Existence and multiplicity results for simple closed geodesics on simply connected manifolds are currently available only for 2-dimensional manifolds. Indeed, as it has been already mentioned, in higher dimension being simple is a generic condition: given a closed geodesic $\gamma$, with a tiny perturbation of the metric one can produce a simple closed geodesic close to $\gamma$ for the new metric. For this reason, it is not obvious how to obtain a simple closed geodesic in higher dimension by means of variational methods: a generic metric has at least one (and often more), but a very unlucky metric in principle might have none.

The existence of closed geodesics possibly with self-intersections was proved by Birkhoff for Riemannian 2-spheres, and later by Lusternik-Fet in full generality (as it was mentioned above by Rivin and Alvarez Paiva). These proofs remain valid for general Finsler metrics.

Beside the already mentioned case of Riemannian $S^2$, the existence of a second closed geodesic is already hard business: for suitably non-degenerate Riemannian metrics, it was a theorem of Fet from the 1960s. The theorem should hold as well for reversible Finsler metrics (i.e. Finsler metrics $F$ with the property that $F(v)=F(-v)$ for all vectors $v$). For general, non-reversible, Finsler metrics on $S^2$ it was a theorem of Bangert-Long from the late 2000s. For higher dimensional simply connected closed manifolds equipped with non-degenerate and possibly non-reversible Finsler metric, the existence of a second geodesic is a recent theorem of Duan-Long-Wang (JDG, 2015).

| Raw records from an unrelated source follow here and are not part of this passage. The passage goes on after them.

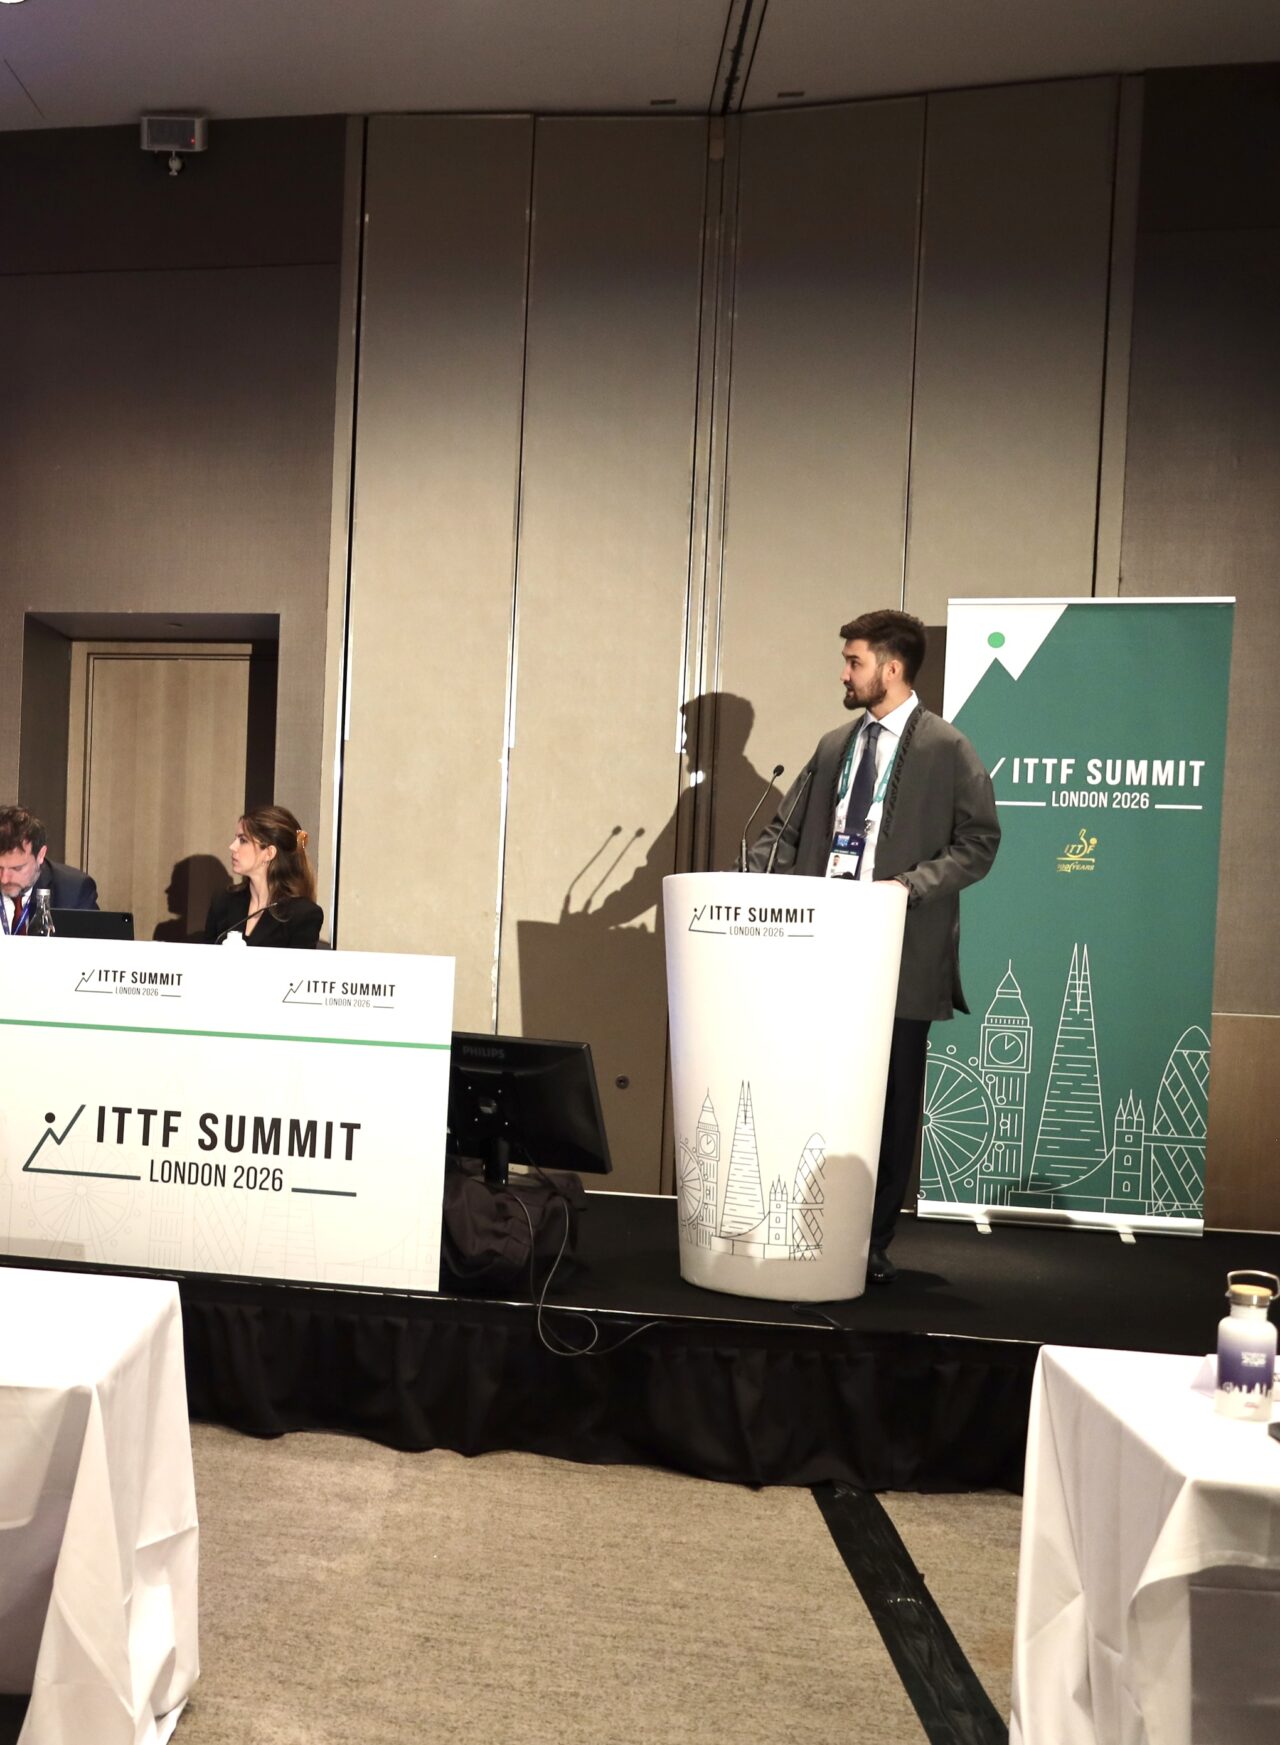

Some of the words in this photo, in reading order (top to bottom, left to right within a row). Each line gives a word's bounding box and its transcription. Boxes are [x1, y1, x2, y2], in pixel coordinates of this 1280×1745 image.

[1012, 757, 1076, 784] ITTF
[1086, 758, 1205, 787] SUMMIT
[1051, 790, 1108, 808] LONDON
[1112, 792, 1150, 809] 2026
[1064, 844, 1095, 854] ITTF
[710, 904, 742, 921] ITTF
[748, 907, 816, 923] SUMMIT
[729, 925, 761, 936] LONDON
[763, 927, 785, 937] 2026
[98, 969, 126, 984] ITTF
[131, 971, 184, 987] SUMMIT
[115, 986, 141, 996] LONDON
[142, 987, 159, 997] 2026
[307, 980, 336, 995] ITTF
[341, 981, 396, 997] SUMMIT
[324, 997, 352, 1007] LONDON
[353, 998, 371, 1009] 2026
[463, 1046, 505, 1058] PHILIPS
[96, 1106, 182, 1148] ITTF
[197, 1113, 362, 1162] SUMMIT
[149, 1159, 227, 1188] LONDON
[233, 1163, 284, 1193] 2026

For simply connected closed manifolds whose cohomology ring $H^*(M;\mathbb Q)$ is not generated by one element, a celebrated result of Gromoll-Meyer from 1971 implies that there are always infinitely many Riemannian or Finsler closed geodesics (possibly with self-intersections). The only simply connected manifolds not covered by this theorem are those who have the rational cohomology of a compact rank-one symmetric space, that is, the rational cohomology of $S^n$, $\mathbb RP^n$, $\mathbb CP^n$, $\mathbb HP^n$, or $\mathrm{Ca}P^2$. The case of $S^2$ was settled in a combination of celebrated papers by Bangert, Franks, and Hingston. For the other CROSSes, Hingston and Rademacher proved that a suitably generic Riemannian metric has infinitely many closed geodesics.

On non-simply connected closed Riemannian or Finsler manifolds, it is very easy to find infinitely many closed geodesics when, for instance, the fundamental group is abelian and has rank larger than 1. The statement is still true, but non-trivial, if the fundamental group is only assumed to be infinite abelian (the most difficult case being when it is $\mathbb Z$); it was proved by Bangert-Hingston in the 1980s.

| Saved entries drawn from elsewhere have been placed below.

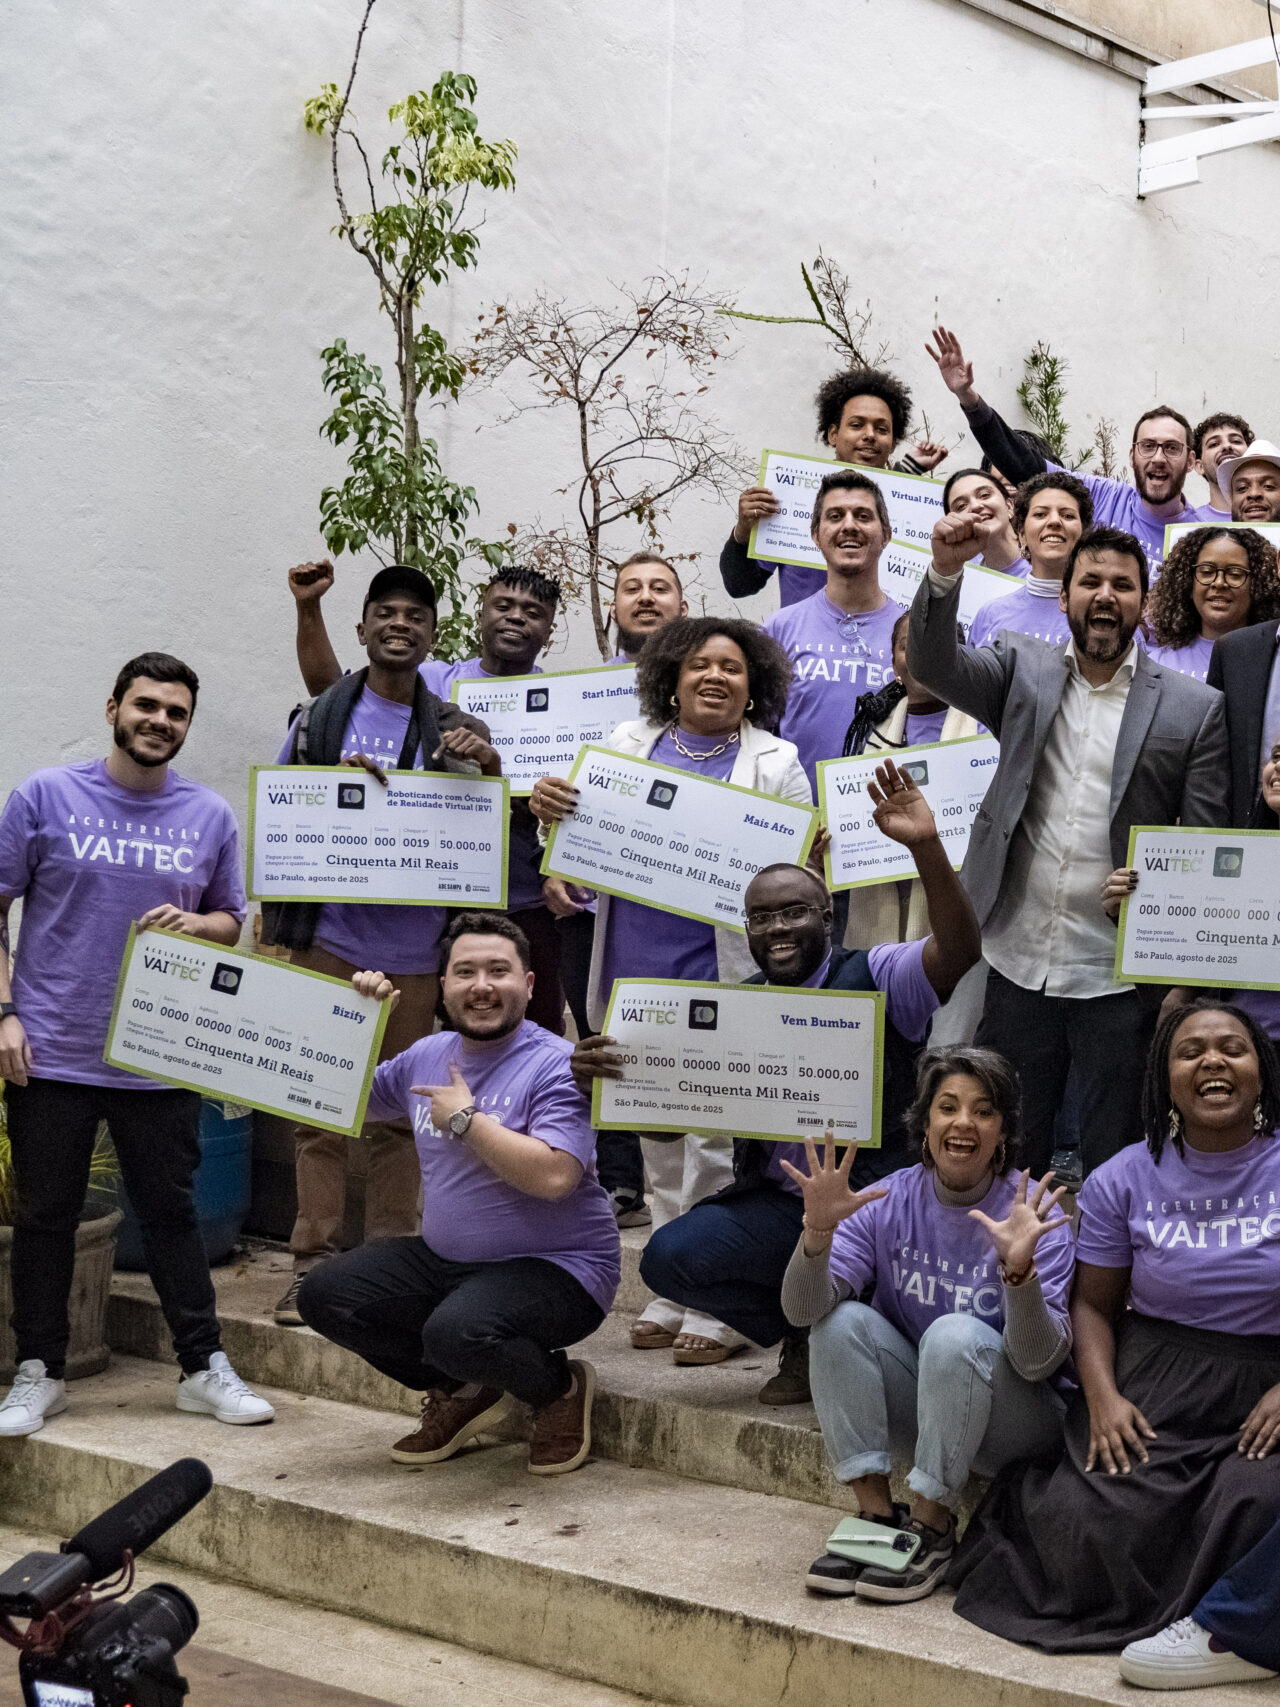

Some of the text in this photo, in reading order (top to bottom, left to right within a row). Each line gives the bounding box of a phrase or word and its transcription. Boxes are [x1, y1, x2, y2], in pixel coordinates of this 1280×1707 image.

[891, 490, 921, 504] Virtual
[582, 691, 604, 699] Start
[468, 701, 516, 713] VAITEC
[580, 732, 603, 741] 0022
[514, 753, 574, 764] Cinquenta
[588, 773, 640, 797] VAITEC
[268, 792, 325, 805] VAITEC
[387, 790, 443, 801] Roboticando
[464, 794, 492, 803] Óculos
[401, 799, 443, 809] Realidade
[445, 802, 472, 810] Virtual
[475, 803, 492, 812] (RV)
[69, 815, 200, 840] ACELERAÇÃO
[743, 814, 795, 836] Mais Afro
[403, 838, 491, 852] 0019 50.000,00
[68, 833, 196, 874] VAITEC
[694, 848, 719, 863] 0015
[326, 854, 459, 870] Cinquenta Mil Reais
[620, 848, 741, 892] Cinquenta Mil Reais
[1145, 858, 1200, 873] VAITEC
[1140, 904, 1160, 914] 000
[1168, 906, 1196, 916] 0000
[1204, 908, 1240, 919] 00000
[1248, 910, 1270, 920] 000
[1196, 930, 1268, 947] Cinquenta
[144, 956, 201, 982] VAITEC
[332, 1005, 366, 1025] Bizify
[621, 1008, 676, 1024] VAITEC
[781, 1014, 860, 1030] Vem Bumbar
[185, 1036, 314, 1083] Cinquenta Mil Reais
[265, 1036, 354, 1071] 0003 50.000,00
[646, 1056, 859, 1081] 0000 00000 000 0023 50.000,00
[678, 1080, 820, 1102] Cinquenta Mil Reais

In his book "Lectures on closed geodesics" from the 1980s, Klingenberg has a proof of the existence of infinitely many closed geodesics for any closed Riemannian manifold (of dimension at least two). However, the proof was crucially based on a divisibility lemma that was later found to be wrong. There are unfortunately other mistakes in the literature, notably by Alber (his so-called Alber Lemma) and Klingenberg. The results that I mentioned above are universally accepted and have a solid proof, but one should be careful with older results in the published literature which claim stronger conclusions.

The unconditional existence of infinitely many closed geodesics, or even of a second closed geodesic on a general closed Riemannian manifold of arbitrary dimension, are still open problems.

The above are among the most significant results in the field, but I certainly forgot to mention many others.